[Record extracts — start]
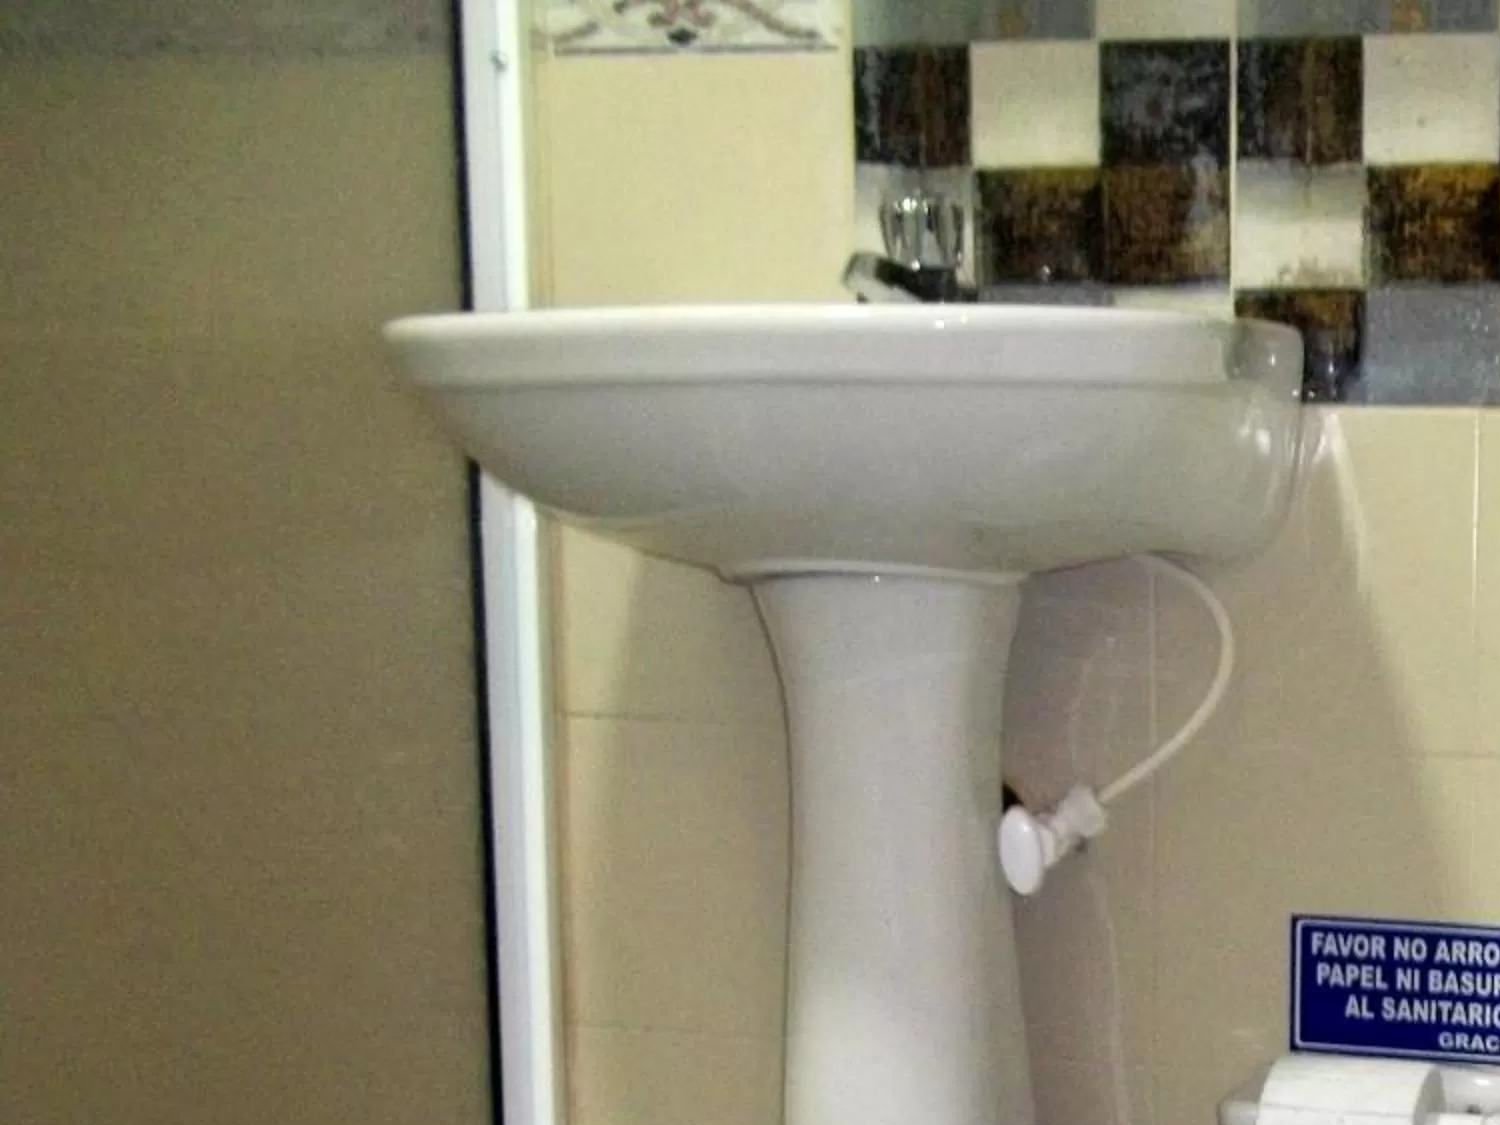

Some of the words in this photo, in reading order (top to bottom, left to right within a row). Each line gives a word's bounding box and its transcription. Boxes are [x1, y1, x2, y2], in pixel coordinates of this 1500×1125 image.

[1311, 931, 1386, 960] FAVOR
[1394, 936, 1427, 963] NO
[1317, 962, 1388, 990] PAPEL
[1396, 967, 1420, 992] NI
[1345, 994, 1374, 1019] AL
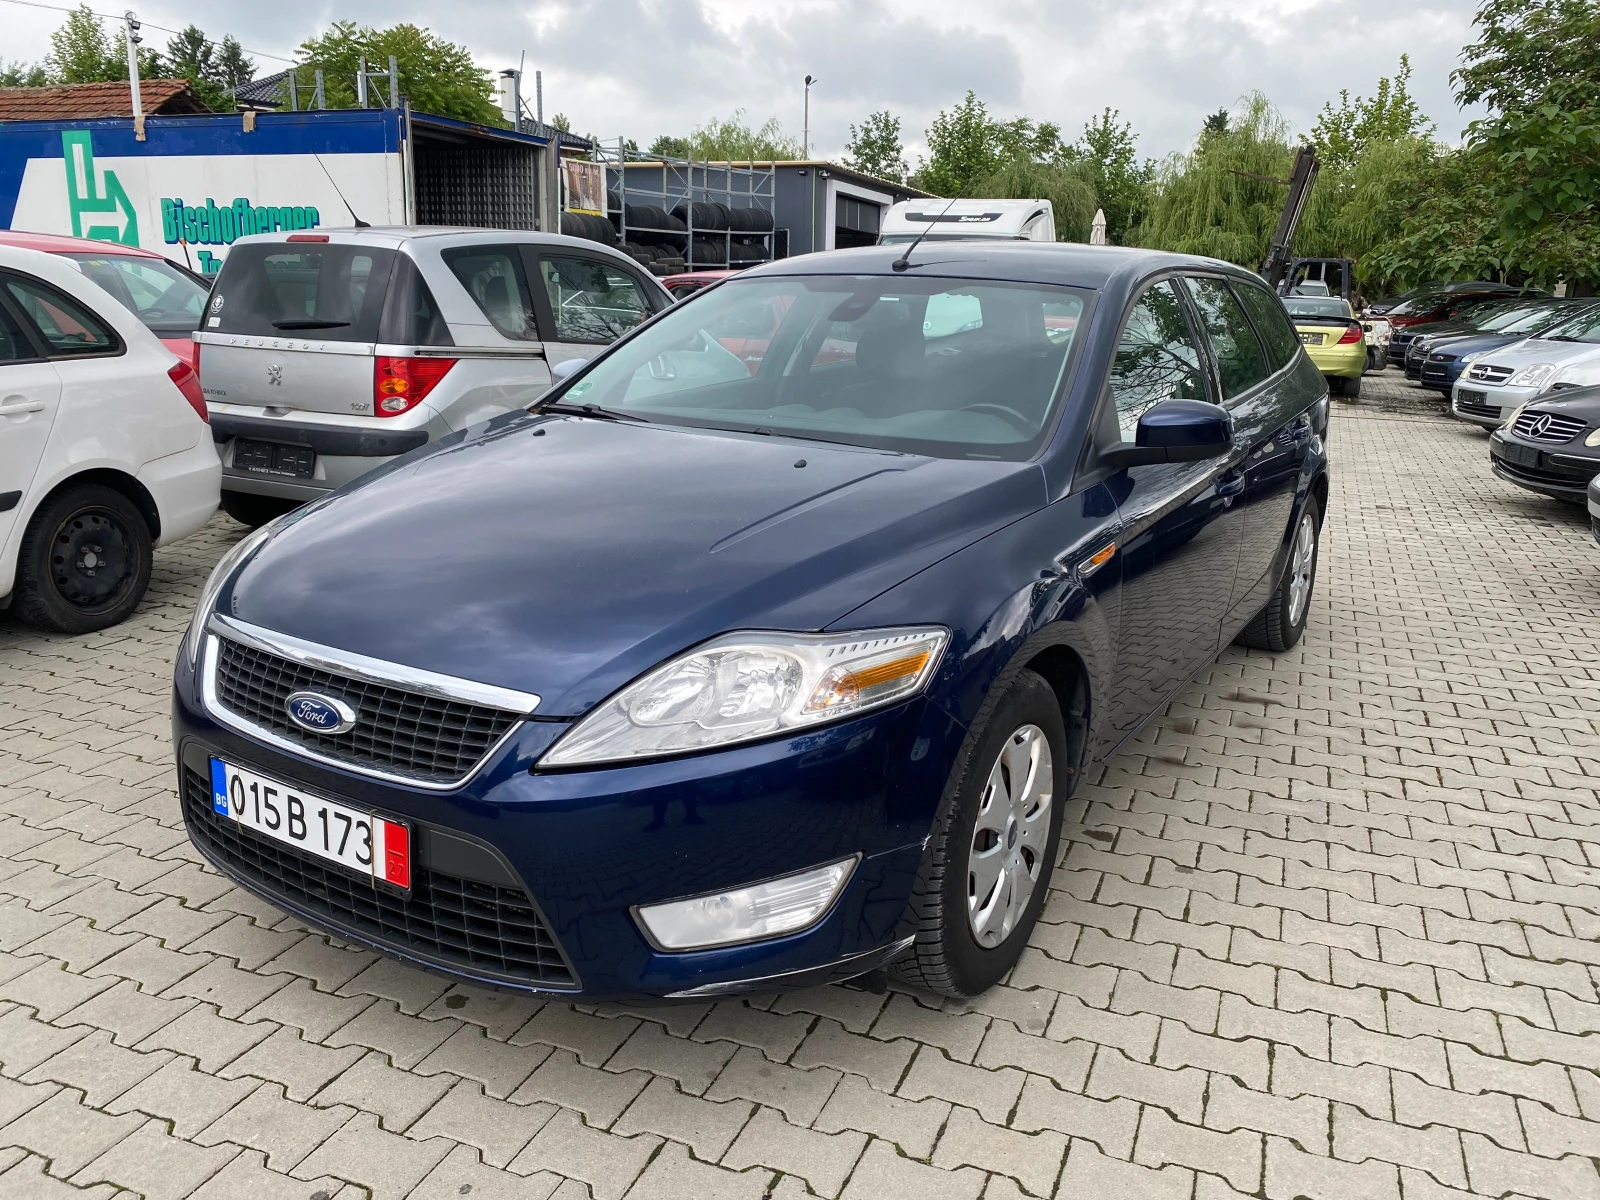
[Record extracts — finish]
What is needed here is an exact copy of every record, with the pictures left out.

Some of the words in this photo, in reading order (top to bottom, left to right within a row). Each line gives a word's bounding box and its transcription. Boxes are [x1, y1, x2, y2], in pixel coordinates of this 1500×1125 image.

[1311, 931, 1386, 960] FAVOR
[1394, 936, 1427, 963] NO
[1317, 962, 1388, 990] PAPEL
[1396, 967, 1420, 992] NI
[1345, 994, 1374, 1019] AL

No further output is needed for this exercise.